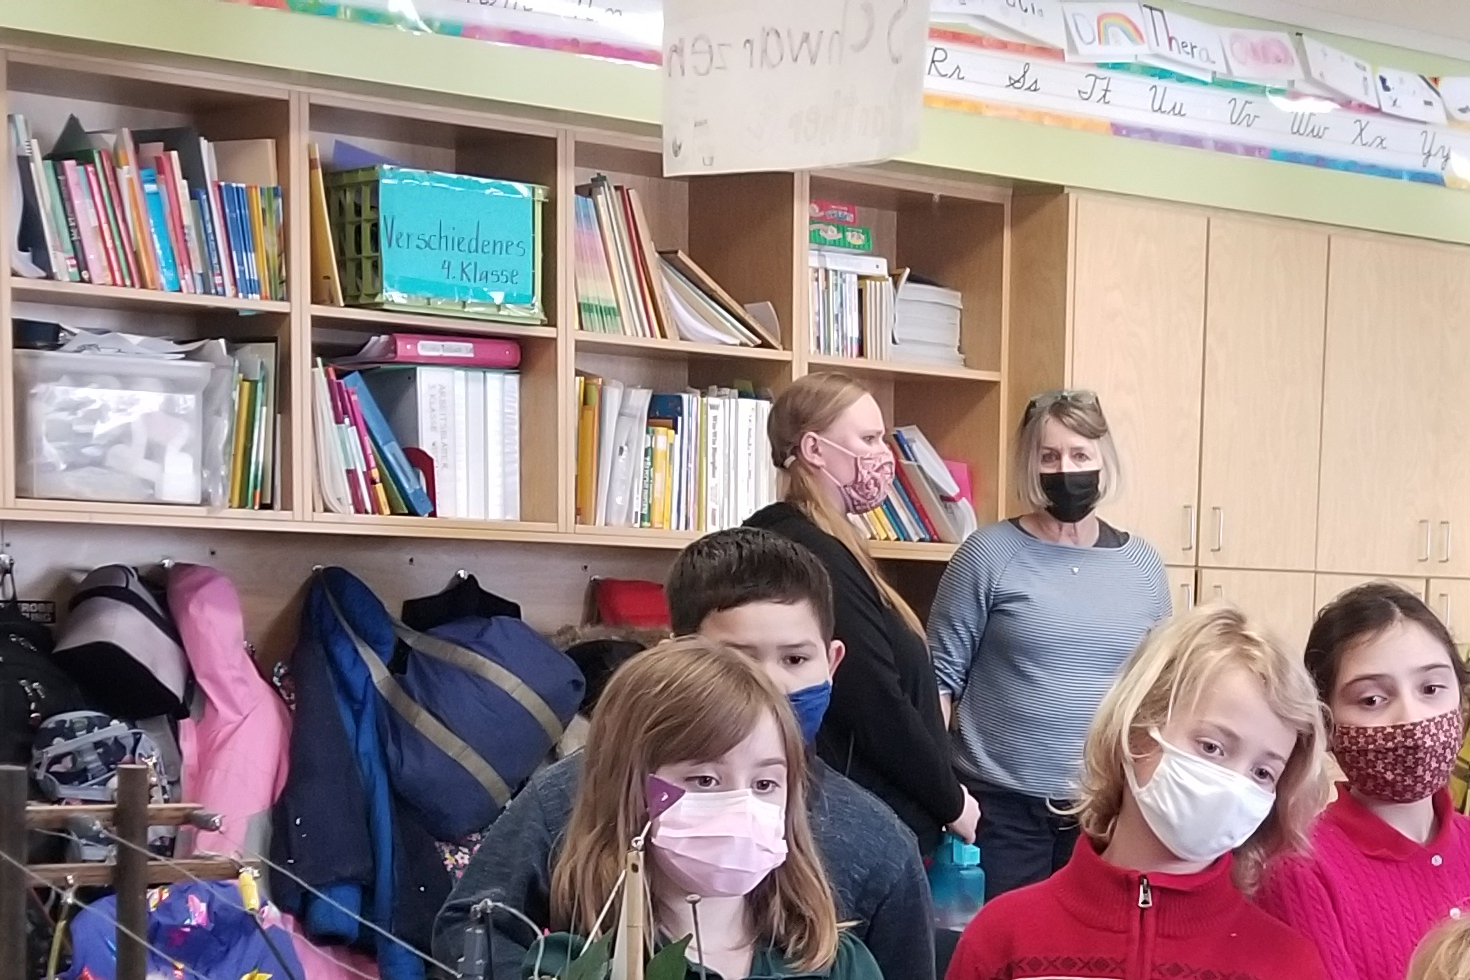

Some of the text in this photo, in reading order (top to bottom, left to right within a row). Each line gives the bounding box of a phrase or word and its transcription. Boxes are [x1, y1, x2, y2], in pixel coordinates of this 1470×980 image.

[928, 47, 965, 80] Rr
[1005, 63, 1040, 93] Ss
[1078, 73, 1111, 105] Tt
[1149, 85, 1187, 117] Uu
[1228, 97, 1260, 127] Vv
[1291, 112, 1330, 139] Ww
[1353, 119, 1388, 149] Xx
[1421, 130, 1451, 170] Yy
[383, 214, 526, 257] Verschiedenes
[441, 259, 519, 285] 4. Klasse

● **REQUIRED WORK**
Transcribe all records verbatim and omit each image.

● **EXERCISE OUTPUT**
Some of the text in this photo, in reading order (top to bottom, left to right within a row). Each line gives the bounding box of a phrase or word and its transcription. Boxes are [x1, y1, x2, y2], in pixel coordinates of this 1470×980 image.

[928, 47, 965, 80] Rr
[1005, 63, 1040, 93] Ss
[1078, 73, 1111, 105] Tt
[1149, 85, 1187, 117] Uu
[1228, 97, 1260, 127] Vv
[1291, 112, 1330, 139] Ww
[1353, 119, 1388, 149] Xx
[1421, 130, 1451, 170] Yy
[383, 214, 526, 257] Verschiedenes
[441, 259, 519, 285] 4. Klasse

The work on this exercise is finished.